Filtrare sterile gli mRNA-LNP utilizzando un filtro a siringa da 0,22 micrometri e raccoglierli in una provetta conica sterile. Quindi posizionare 65 microlitri della soluzione di mRNA-LNP in una microprovetta da 1,5 millilitri per la caratterizzazione. Piastra 5.000 cellule HepG2 in una parete bianca, fondo trasparente, piastra a 96 pozzetti in 100 microlitri di terreno di coltura cellulare completo e incubare le cellule per una notte in un incubatore controllato a 37 gradi Celsius contenente il 5% di anidride carbonica.
Prima del trattamento delle cellule con mRNA-LNP, rimuovere il terreno completo dai pozzetti. Successivamente, trattare le cellule con 100 microlitri di mRNA-LNP diluiti in terreno di coltura cellulare completo alle dosi desiderate o 100 microlitri di terreno completo prima di un'incubazione di 24 ore. Dopo l'incubazione, rimuovere il terreno di coltura cellulare dalla piastra a 96 pozzetti, aggiungere 20 microlitri di tampone di lisi a ciascun pozzetto seguiti da 100 microlitri di reagenti del saggio della luciferasi.

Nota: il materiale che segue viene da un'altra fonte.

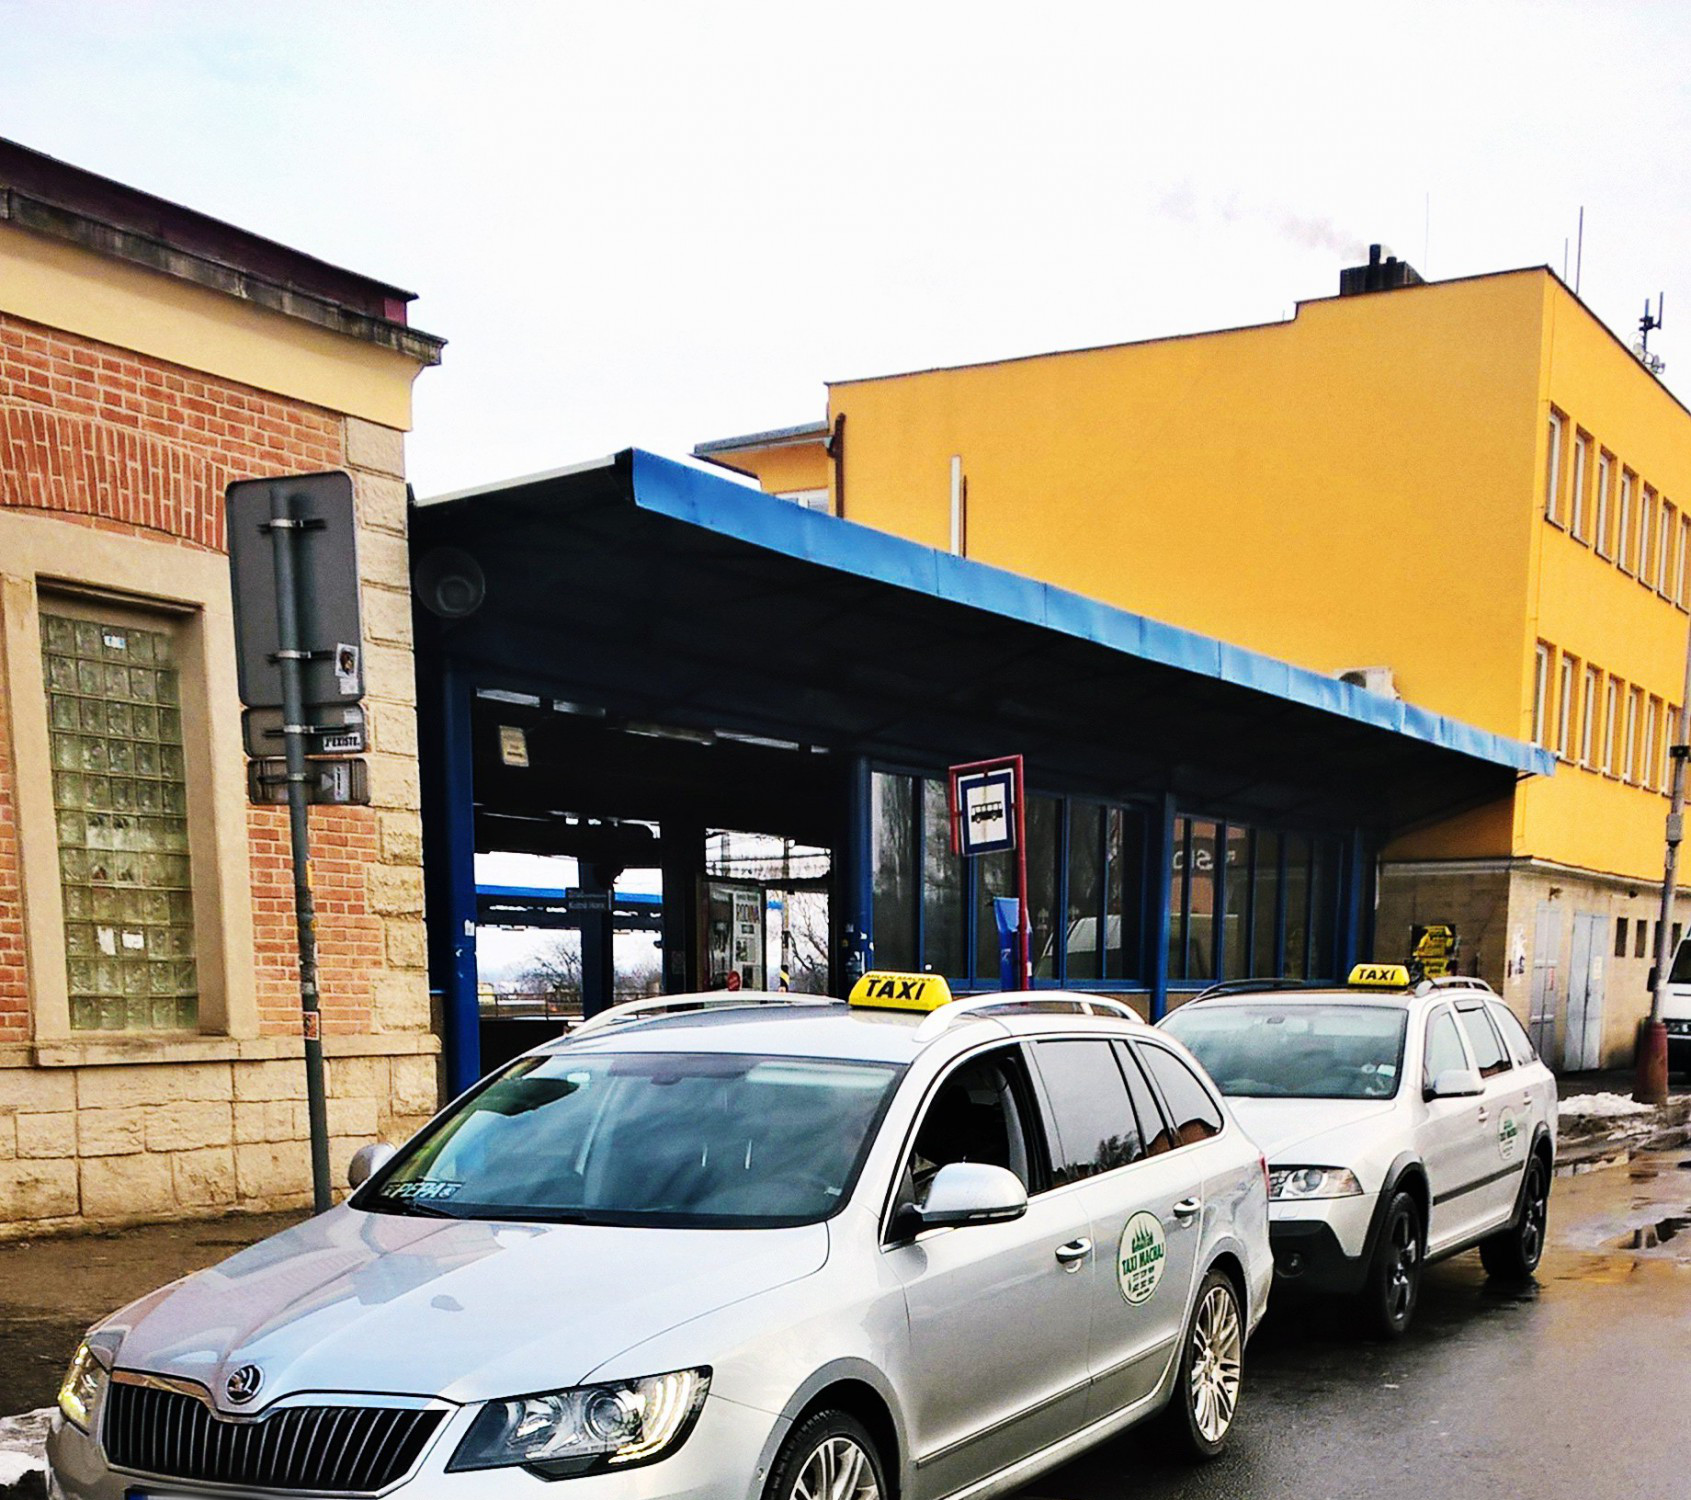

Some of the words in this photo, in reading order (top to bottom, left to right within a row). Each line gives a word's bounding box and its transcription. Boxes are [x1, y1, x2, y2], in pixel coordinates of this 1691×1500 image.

[1359, 968, 1396, 981] TAXI
[866, 979, 926, 1001] TAXI
[389, 1182, 447, 1198] PEPA
[1122, 1255, 1138, 1275] TAXI
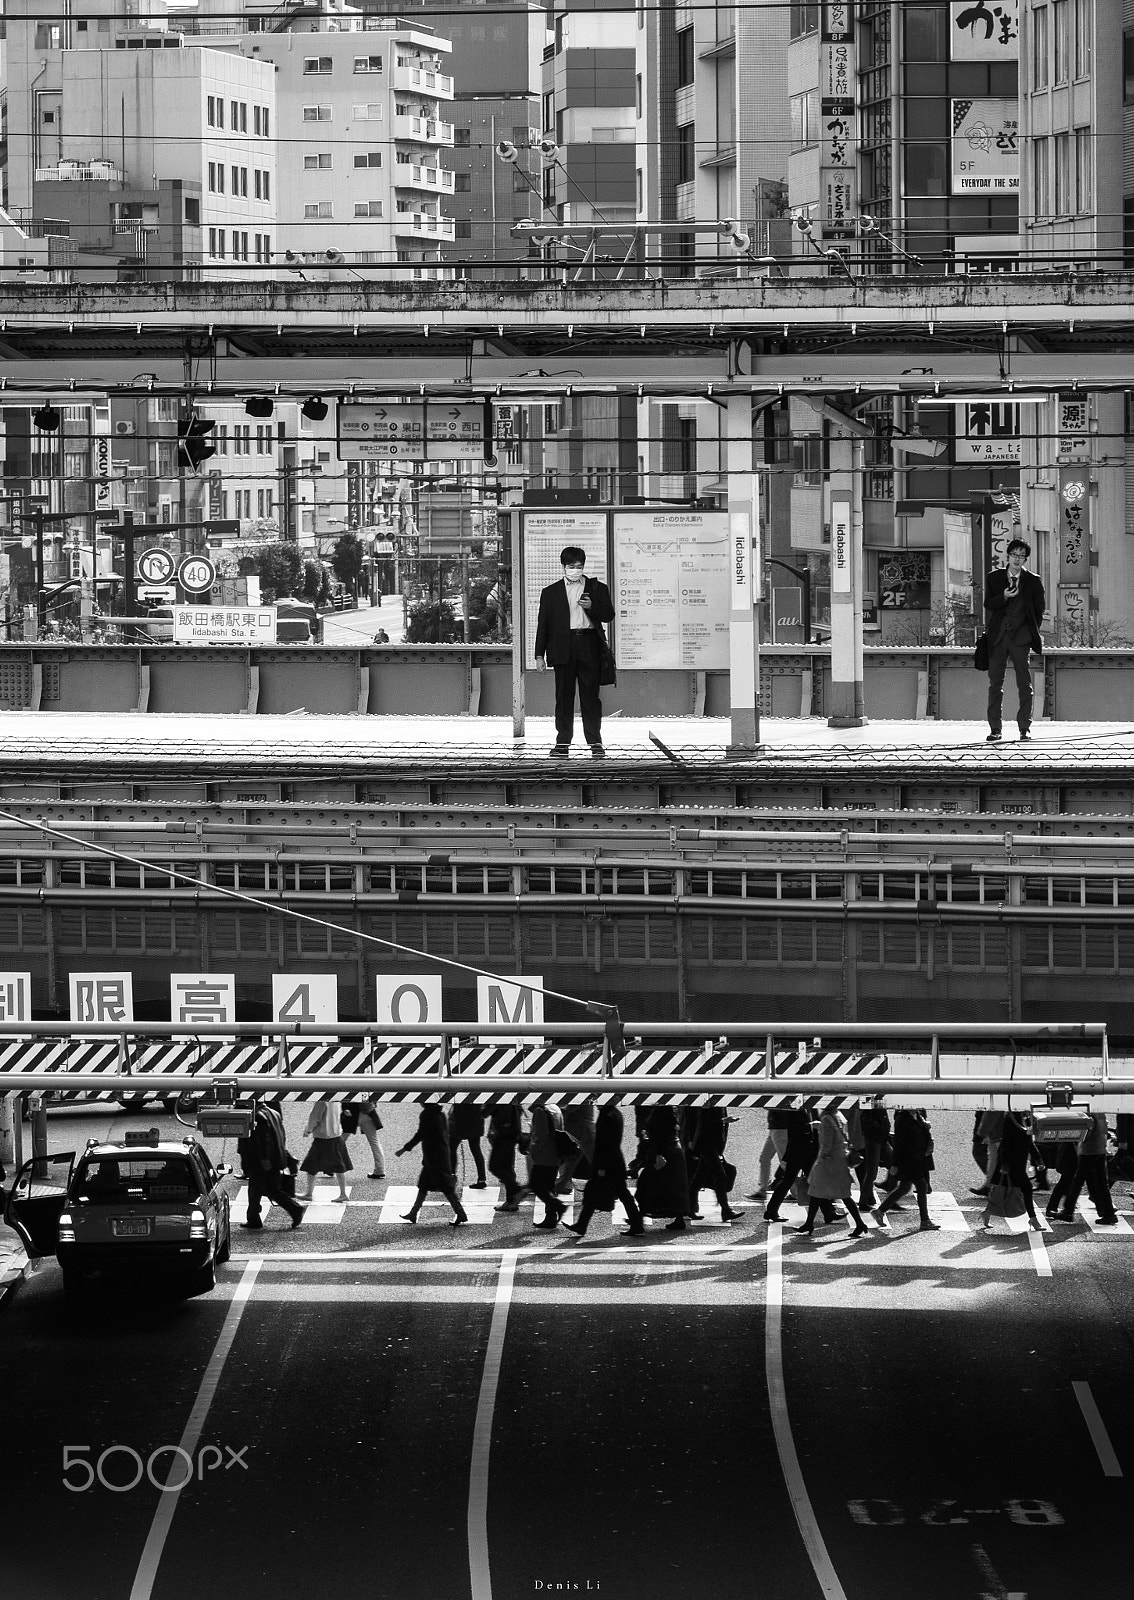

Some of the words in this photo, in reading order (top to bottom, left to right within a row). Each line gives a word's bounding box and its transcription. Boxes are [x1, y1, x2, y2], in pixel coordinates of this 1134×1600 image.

[831, 33, 845, 41] 8F
[832, 106, 844, 116] 6F
[960, 161, 975, 171] 5F
[961, 178, 991, 188] EVERYDAY
[994, 178, 1006, 188] THE
[1062, 404, 1080, 422] 源
[402, 422, 421, 433] 東口
[462, 422, 481, 432] 西口
[836, 523, 847, 569] Iidabashi
[735, 537, 746, 585] Iidabashi
[187, 566, 207, 583] 40
[882, 591, 906, 606] 2F
[178, 611, 272, 628] 飯田橋駅東口
[777, 617, 799, 626] au
[192, 628, 228, 637] Iidabashi
[231, 629, 247, 637] Sta.
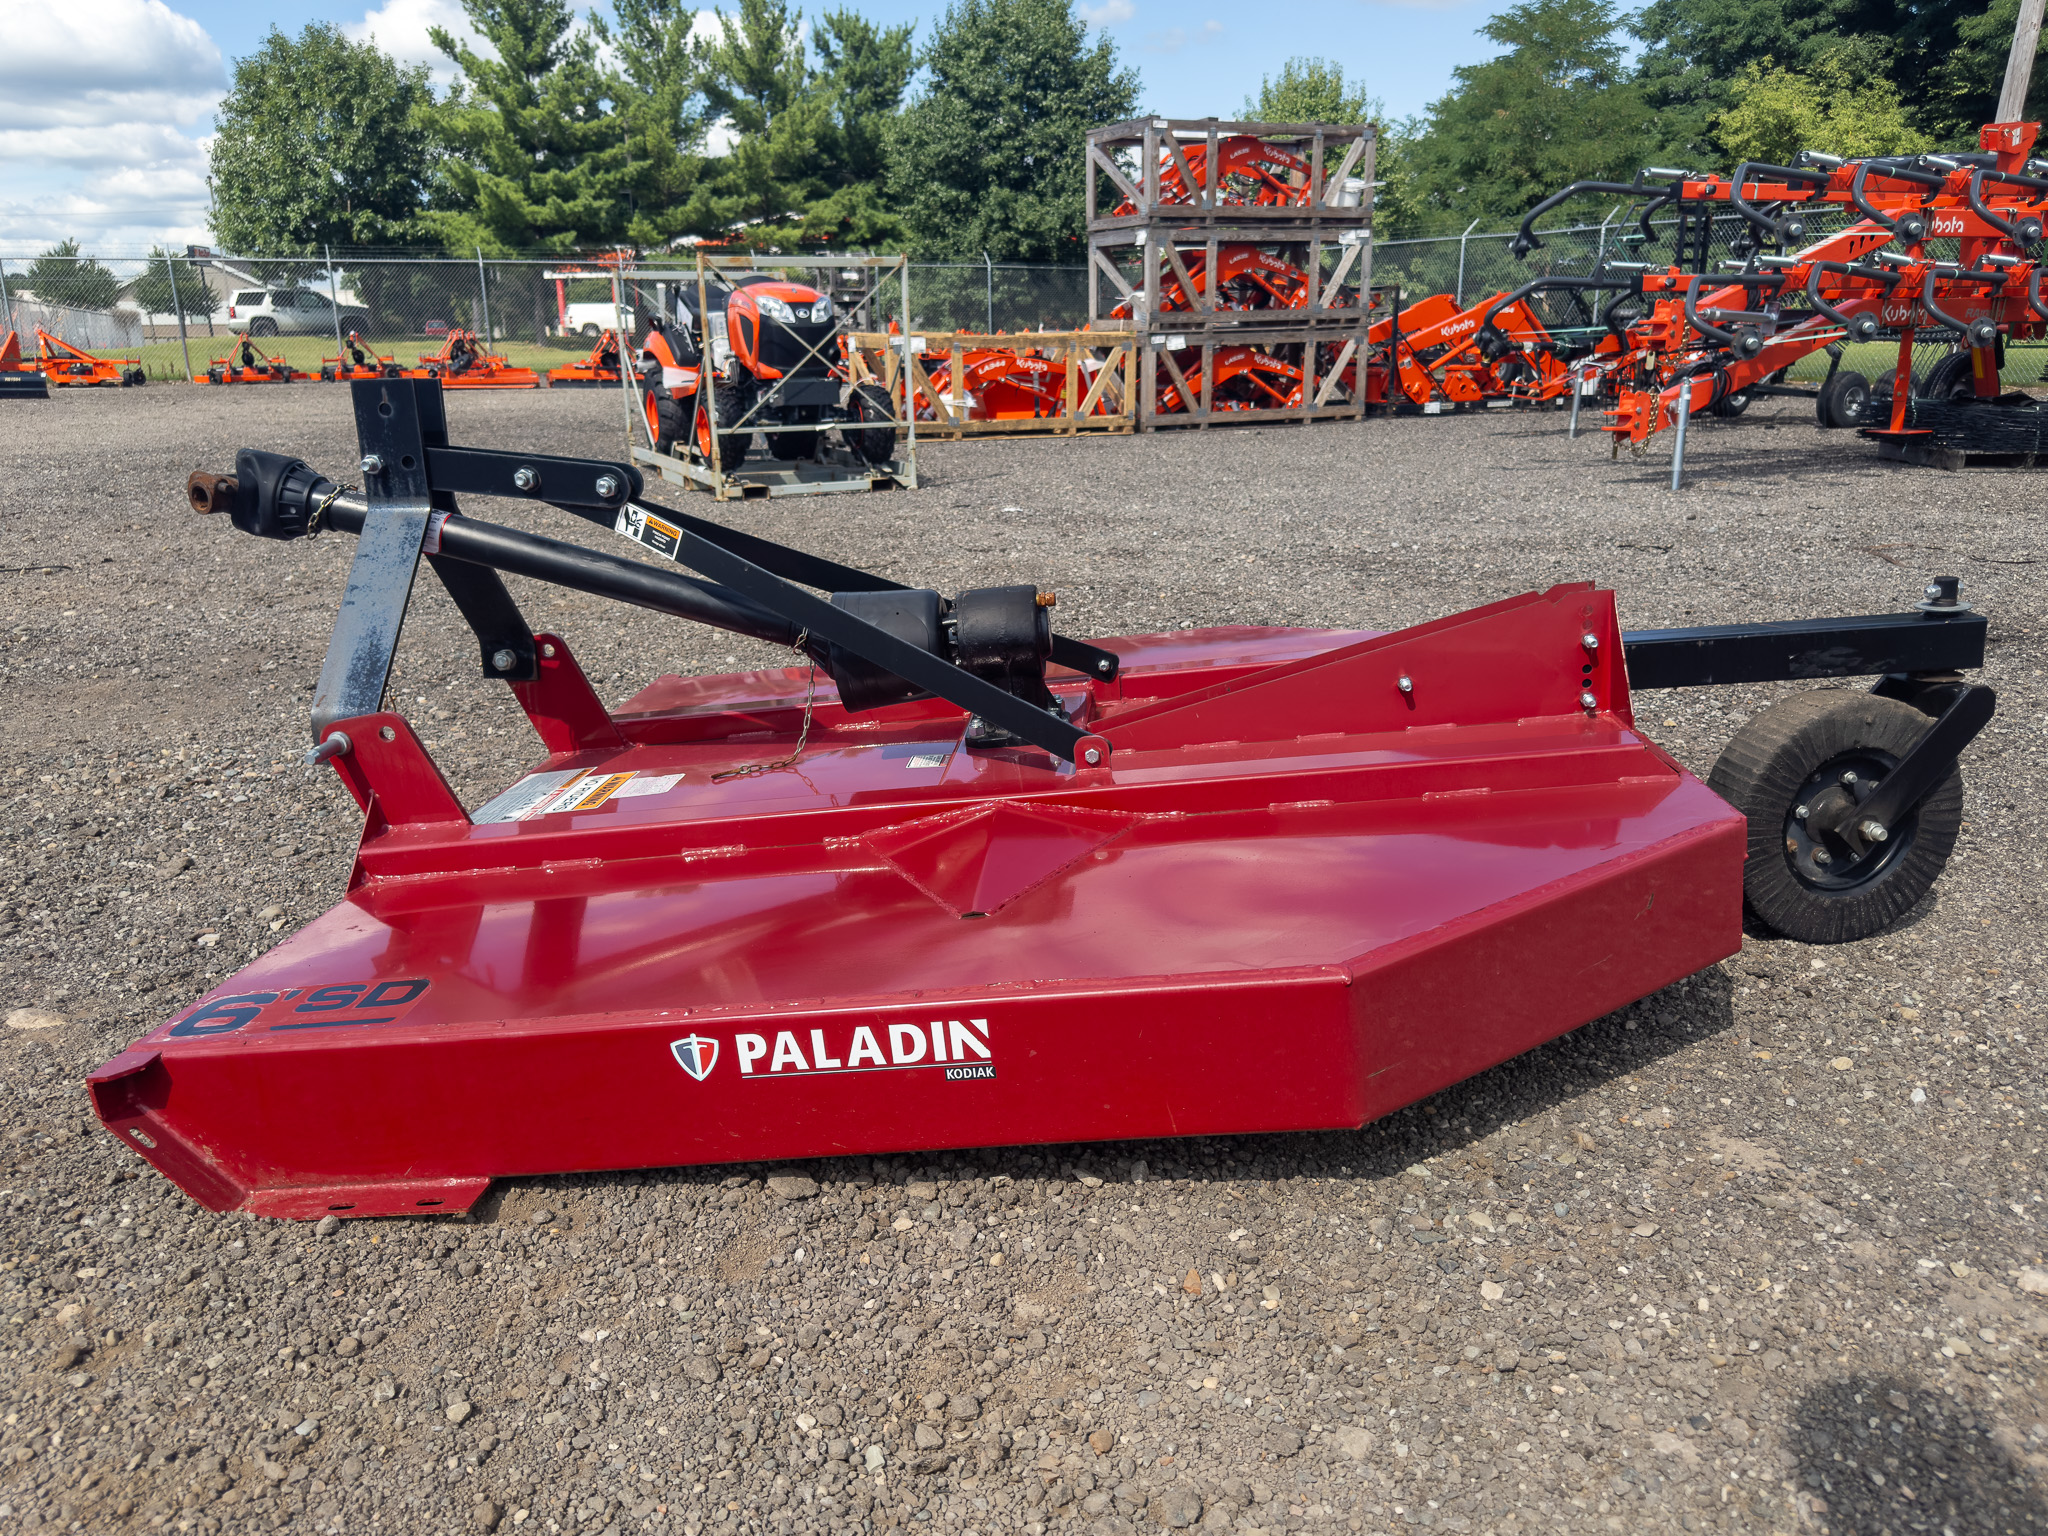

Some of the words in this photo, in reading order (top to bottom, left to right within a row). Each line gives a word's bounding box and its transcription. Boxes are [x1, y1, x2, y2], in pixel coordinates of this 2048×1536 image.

Proteggere la piastra dalla luce e posizionarla in un lettore di piastre per misurare il segnale bioluminescente. Diluire la soluzione di mRNA-LNP utilizzando PBS sterile in modo che siano presenti due microgrammi di mRNA totale in 100 microlitri del volume di iniezione della vena caudale. Riempire una siringa da insulina calibro 29 con 100 microlitri di mRNA-LNP o 100 microlitri di PBS e rimuovere eventuali bolle dalla siringa.
Inserire l'ago con lo smusso rivolto verso l'alto nella vena caudale laterale del topo e iniettare lentamente i 100 microlitri di mRNA-LNP o PBS. Sei ore dopo l'iniezione, preparare una soluzione madre da 15 milligrammi per millilitro di sale di potassio D-luciferina in PBS sterile. Nel software di imaging per il sistema di imaging in vivo, o IVIS, selezionare la casella accanto alla luminescenza prima di premere initialize per preparare lo strumento per l'acquisizione dei dati.
Successivamente, somministrare 200 microlitri di D-luciferina per via intraperitoneale ai topi precedentemente trattati e attendere 10 minuti mentre il segnale della luciferasi si stabilizza prima di anestetizzare i topi. Trasferire i topi anestetizzati sui coni nasali all'interno del sistema di imaging in vivo, assicurandosi che siano sulla schiena con l'addome esposto, prima di chiudere lo sportello della camera. Nel software di imaging, assicurarsi che sia selezionato il campo visivo corretto e impostare il tempo di esposizione su automatico, fare clic sul pulsante di acquisizione nel software per ottenere immagini a bioluminescenza.
L'efficienza di incapsulamento degli mRNA-LNP è stata determinata al 92,3% utilizzando il saggio di fluorescenza modificato e l'equazione mostrata qui. L'aumento della bioluminescenza è stato osservato dopo il trattamento di 5.000 cellule HepG2 con dosi crescenti di mRNA-LNP. L'espressione della luciferasi è stata facilmente rilevata alla dose più bassa di questo studio di cinque nanogrammi per pozzetto.
Un forte segnale di bioluminescenza è stato osservato nella parte superiore dell'addome dei topi trattati con LNP formulati. Le regioni di interesse sono state disegnate attorno ai segnali epatici per calcolare il flusso luminescente totale. Il flusso luminescente totale era di circa cinque volte 10 al 9°.
Mantenere sempre il rapporto tra lipidi ionizzabili e acidi nucleici quando si formulano le LNP. Ogni volume della fase organica dovrebbe contenere lipidi ionizzabili corrispondenti all'mRNA in tre volumi della fase acquosa.